Q&A with William Li, PhD student in computer science
by Achyuth Samudrala
Can you tell us something about your experience with CSAIL, MIT and research work building up to Berkman?
I am a PhD student in computer science at MIT focused on analyzing large, text-based open government datasets. Along the way, I was a master’s student in the Technology and Policy Program at MIT, and I’ve developed a strong interest in the interplay of technology and law, politics, and public policy.
I’ve actually had a chance to collaborate with past Berkman fellows, staff, community members on a number of past projects that have turned into academic publications, and I’m looking forward to working more closely with folks at Berkman in the coming year.
Your CV mentions a lot of work in interdisciplinary fields of computer science. How do you balance the statistical aspects with the more speculative aspects of such research?
I thoroughly enjoy interdisciplinary research collaborations; learning how to speak the languages of different fields and finding areas of mutual interest are fun and rewarding. I think that the way to balance the different dimensions of a project is to remain focused on the specific question or problem of interest, and to address it using the skills and background I have.
What projects do you plan to work on as a Berkman fellow?

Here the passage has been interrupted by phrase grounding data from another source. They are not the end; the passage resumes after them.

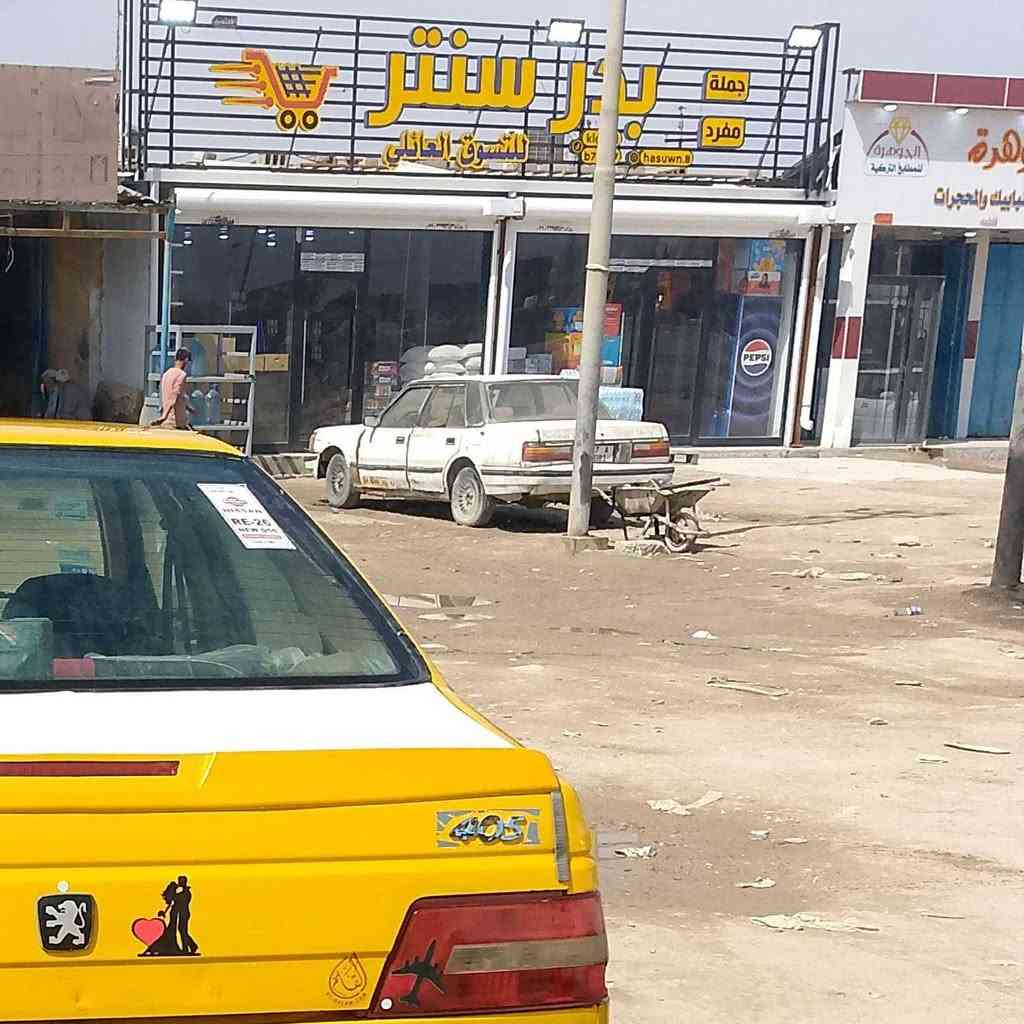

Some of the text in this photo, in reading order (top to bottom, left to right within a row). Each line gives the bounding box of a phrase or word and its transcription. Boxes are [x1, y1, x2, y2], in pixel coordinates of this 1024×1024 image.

[365, 26, 538, 129] سنتر
[709, 74, 746, 97] جملة
[705, 122, 741, 142] مفرد
[383, 129, 529, 169] للتسوق العائلي
[968, 128, 1024, 174] هرة
[743, 353, 770, 362] PEPSI
[449, 815, 528, 846] 405

I’m excited about projects that focus on large collections of text documents generated by government or the processes of citizen participation. These include studying similarities and differences in legislation introduced in all 50 states, public comments on the FCC’s net neutrality rules, and other documents from the different branches of government. I’m also developing ways to algorithmically describe, summarize, or interpret large text collections. Most recently, I’ve been interested in statistical models of text reuse, i.e. how text is repeated across large sets of documents.
What do you think is going to be the biggest challenge in your research on government data sets? Can you tell us more about the datasets you would be mining?
There is a huge amount of open government data. However, while the Internet has made it easier to access these government datasets, computational techniques for journalists, outside organizations, or individual citizens to process and make sense of them have lagged considerably behind. This is a challenge I’m interested in tackling as a Berkman fellow. More generally, I think it’s important to carefully consider whether the data (text, in this case), truly models the phenomena being studied, and this will always be a challenge for data scientists.
In many situations as a data scientist, one may have to stare hard at the results to make sense out of the data. How should one try to make sure that he has authentic results instead of the results he wants to see?
In many cases, correctly applying tests of statistical significance and predictive accuracy is the right approach -- there really is an exact answer to whether the results are valid. However, there are other tasks that don’t fit nicely into these frameworks; the challenge of making sense of a dataset comes to mind. In these situations, I think that a test of “practical significance” is the answer: does the result give us something novel, insightful, or useful? What this means is certainly harder to generalize -- in my mind, it testifies to the need to engage with people across disciplines throughout the data science process.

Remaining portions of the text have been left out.